We would like to be sure these changes don't interfer with the regular work of the rest of the computer and even if we run several tets in parallel that might all want to change the same file, these tests won't interfer with each other.

The best course of action for us is to use a unique temporary directory for each test function.

PyTest fixtures

A fixture in the testing world is the environment in which the test runs. It can be a certain set of files, in a directory structure. It can be a database with some well known data in it. It can be anything we control.

PyTest has a functionality called fixtures that provide varius tools to create fixtures. It works similar to how Dependency Injection works in AngularJS. In the declaration of the test function we need to declare that we expect one of the fixtures to be passed and PyTest will pass the object that provides that fixture.

The tmpdir fixture

One of the most commonly used PyTest fixture is tmpdir that provides a standardized way to create temporary directories.

In our example we test the configparser module. The same technique could be used in any application that assumes to have an ini file for configuration.
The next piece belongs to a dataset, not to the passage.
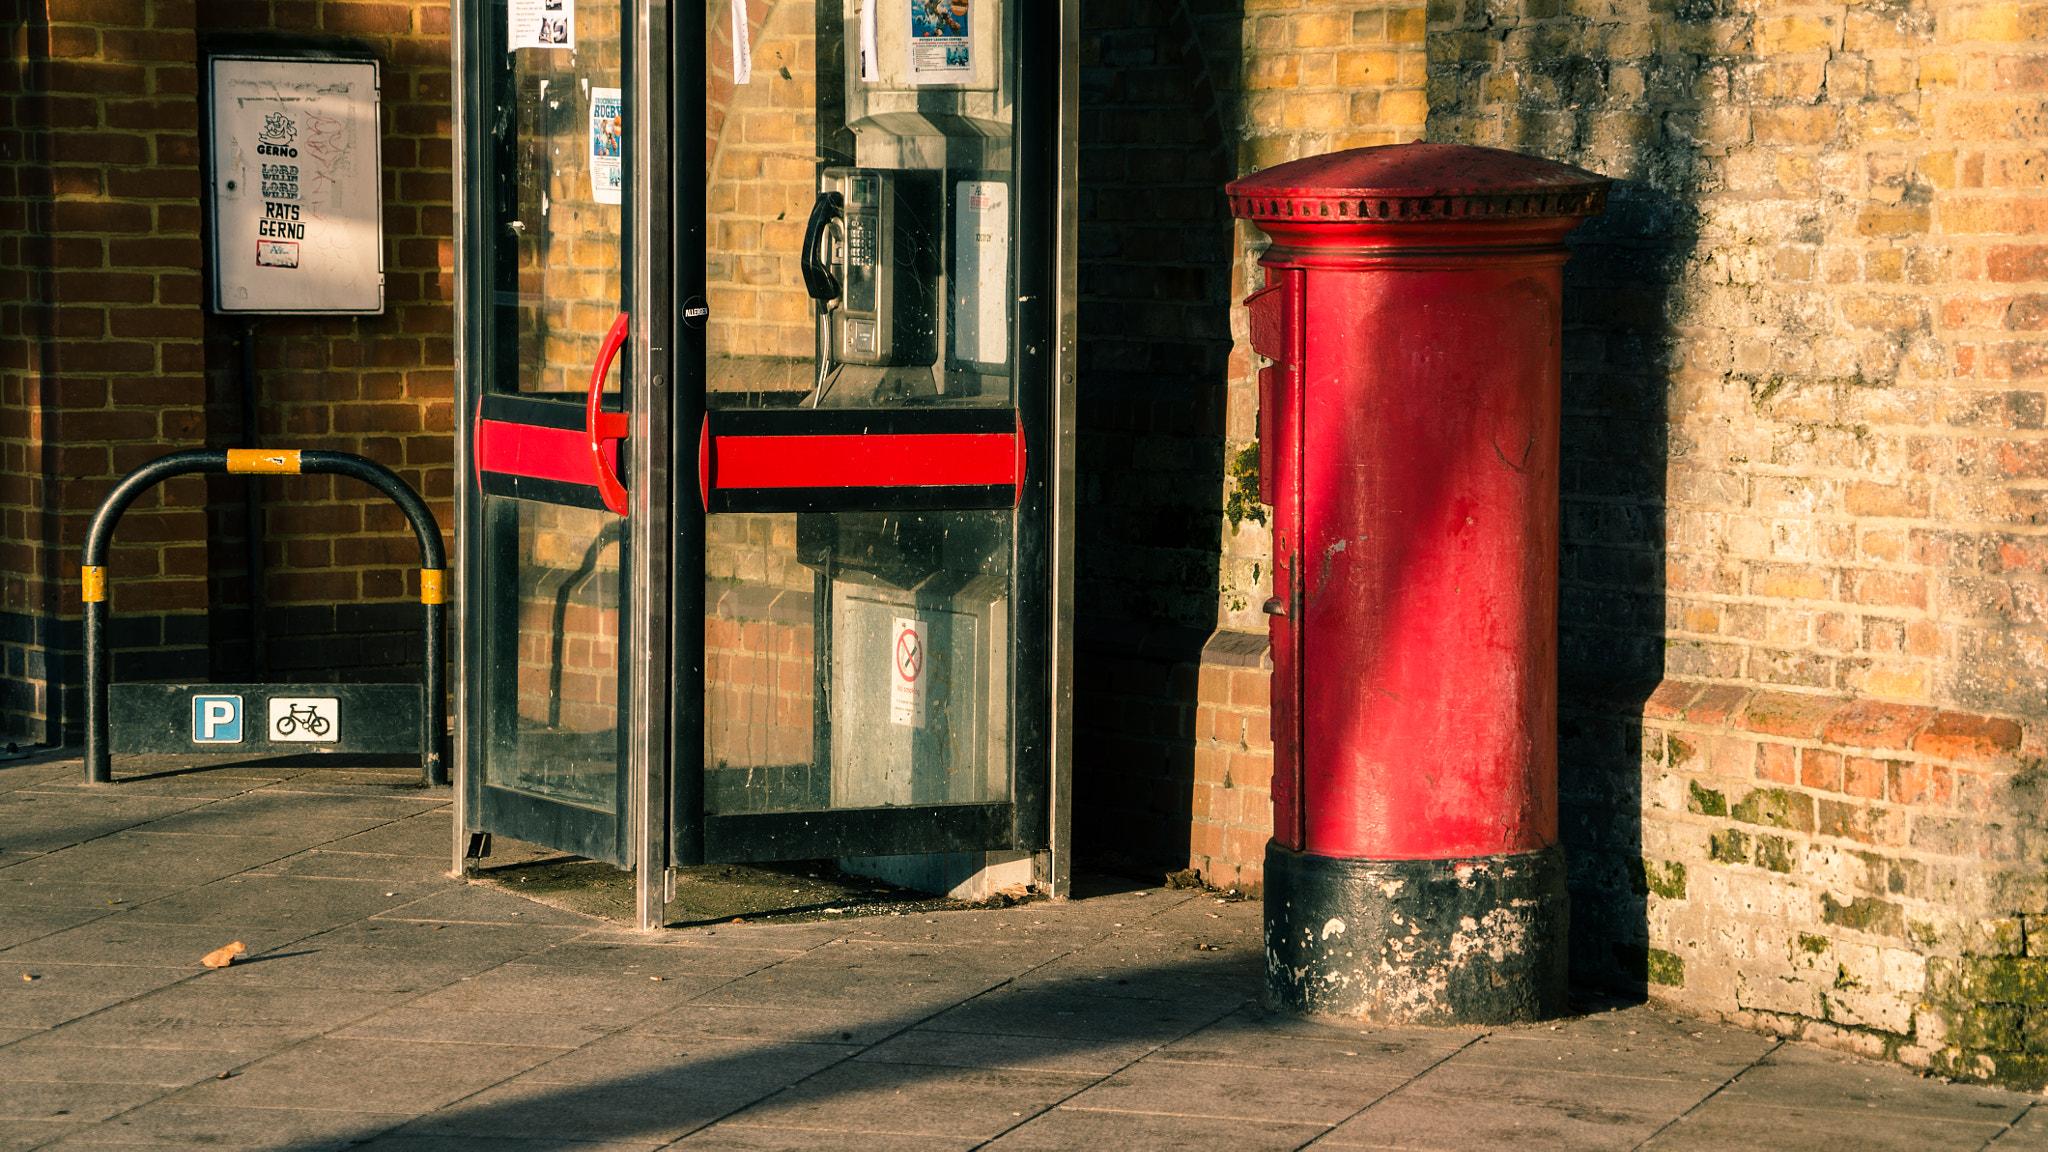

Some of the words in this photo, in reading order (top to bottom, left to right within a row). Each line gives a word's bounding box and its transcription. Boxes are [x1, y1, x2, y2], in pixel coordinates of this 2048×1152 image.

By declaring that our test_read_ini function expects the tmpdir variable, basically we ask PyTest to create a temporary directory, create an object that represents that directory and pass it to our function. The tmpdir variable contains that object. We can do all kinds of thins with it. For example we can print the content using plain old print

print(tmpdir)

In order to actually see this output we'll have to pass the -s parameter to pytest:

pytest -s test_read_ini.py

In my case, running on OSX, I got such a path:

/private/var/folders/ry/z60xxmw0000gn/T/pytest-of-gabor/pytest-14/test_read0

As the tmpdir passed to the function is a py.path object it has a number of methods we can use. For example we can call the mkdir method to create a subdirectory in our temporary directory. This can be useful if we need to build a directory hierarchy.

On the object returned by mkdir we can call he join method that returns an object representing a file with the given name. We can use this object and the write method of the object to create the file we need for our test.

Then we can use this file for our tests.

examples/python/pt4/test_read_ini.py

import configparser
import os


def test_read_ini(tmpdir):
    print(tmpdir)      # /private/var/folders/ry/z60xxmw0000gn/T/pytest-of-gabor/pytest-14/test_read0
    d = tmpdir.mkdir("subdir")
    fh = d.join("config.ini")
    fh.write("""
[application]
user  =  foo
password = secret  
""")

    print(fh.basename) # data.txt
    print(fh.dirname)  # /private/var/folders/ry/z60xxmw0000gn/T/pytest-of-gabor/pytest-14/test_read0/subdir
    filename = os.path.join( fh.dirname, fh.basename )

    config = configparser.ConfigParser()
    config.read(filename)

    assert config.sections() == ['application']
    assert config['application'], {
       "user" : "foo",
       "password" : "secret"
    }

Removing temporary directories

By default pytest will leave the temporary intact after the test run. You could delete it in your code, but actually having the directory around can be quite useful especially if the test created files in it. Then, in case of failure, you could inspect the files.

You don't have to worry of having too many such temporary directories laying around either as tmpdir will actually remove the earlier temporary directories when you run the test again. Normally it keeps the 3 most recent directories.

So my suggestion is to just not worry about the directories.